The Supreme Court overturned a lower court decision that found that South Carolina Republicans improperly used race to gerrymander the state’s 1st Congressional District in a Thursday decision.

A three-judge federal district court panel ruled in 2023 that the lines drawn in the state’s 1st Congressional District were an illegal racial gerrymander. The legislature’s movement of Black voters out and white voters in amounted to a “bleaching” of the district, the district court said in a ruling that Republicans in the state legislature later appealed to the Supreme Court.

But the conservative majority on the Supreme Court disagreed in a 6-3 vote that reversed and remanded the lower court decision. The majority argued that the complaint brought by the South Carolina State Conference of the NAACP relied on “circumstantial” evidence that the state legislature used race when it drew the 1st District’s lines.
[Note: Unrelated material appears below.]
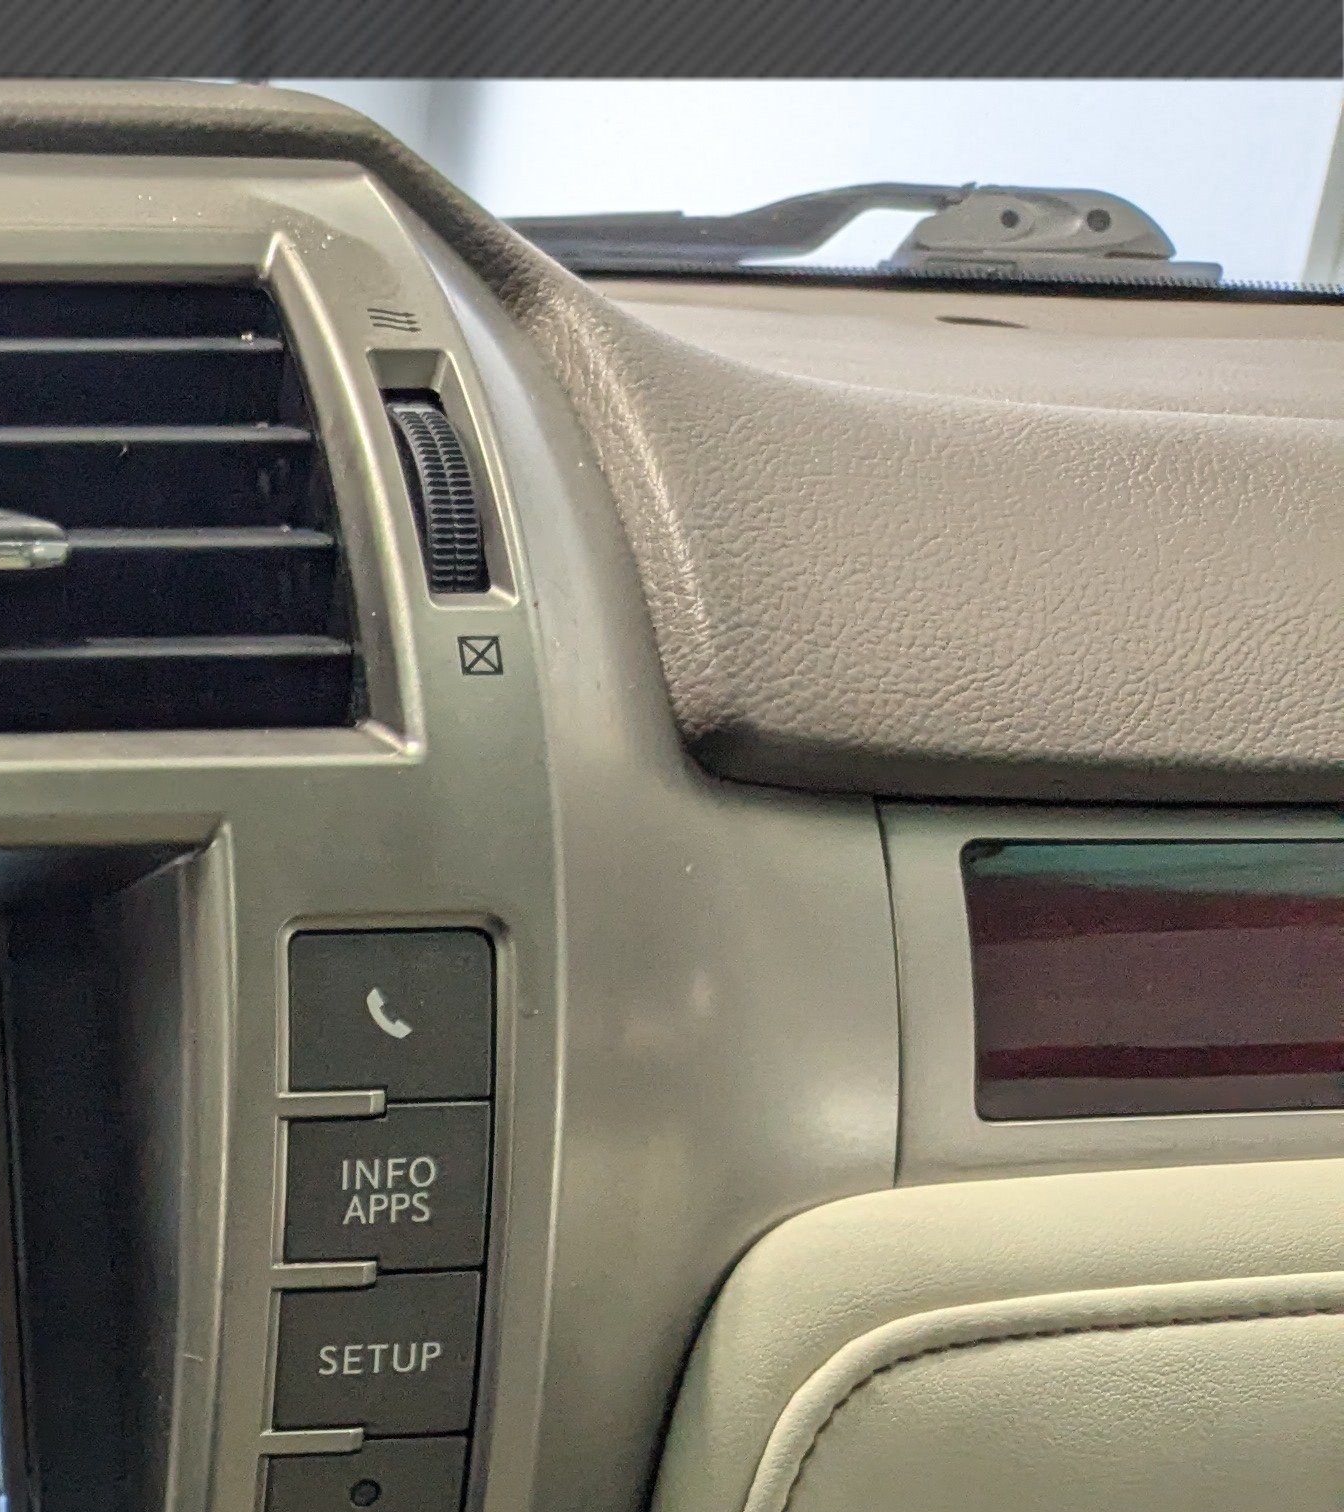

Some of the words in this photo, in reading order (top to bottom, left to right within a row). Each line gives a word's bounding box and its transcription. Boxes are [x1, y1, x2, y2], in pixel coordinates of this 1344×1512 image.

Instead, they sided with South Carolina’s argument that the state’s movement of Black voters in and white voters out of the district was merely a side effect of their attempt at partisan gerrymandering.

The decision casts a bright light on the difficulties in determining when a state, particularly one like South Carolina that has a Black population twice the national average and presents a high degree of racial polarization with most Black voters and white voters supporting different parties, uses race or partisanship to redraw district lines.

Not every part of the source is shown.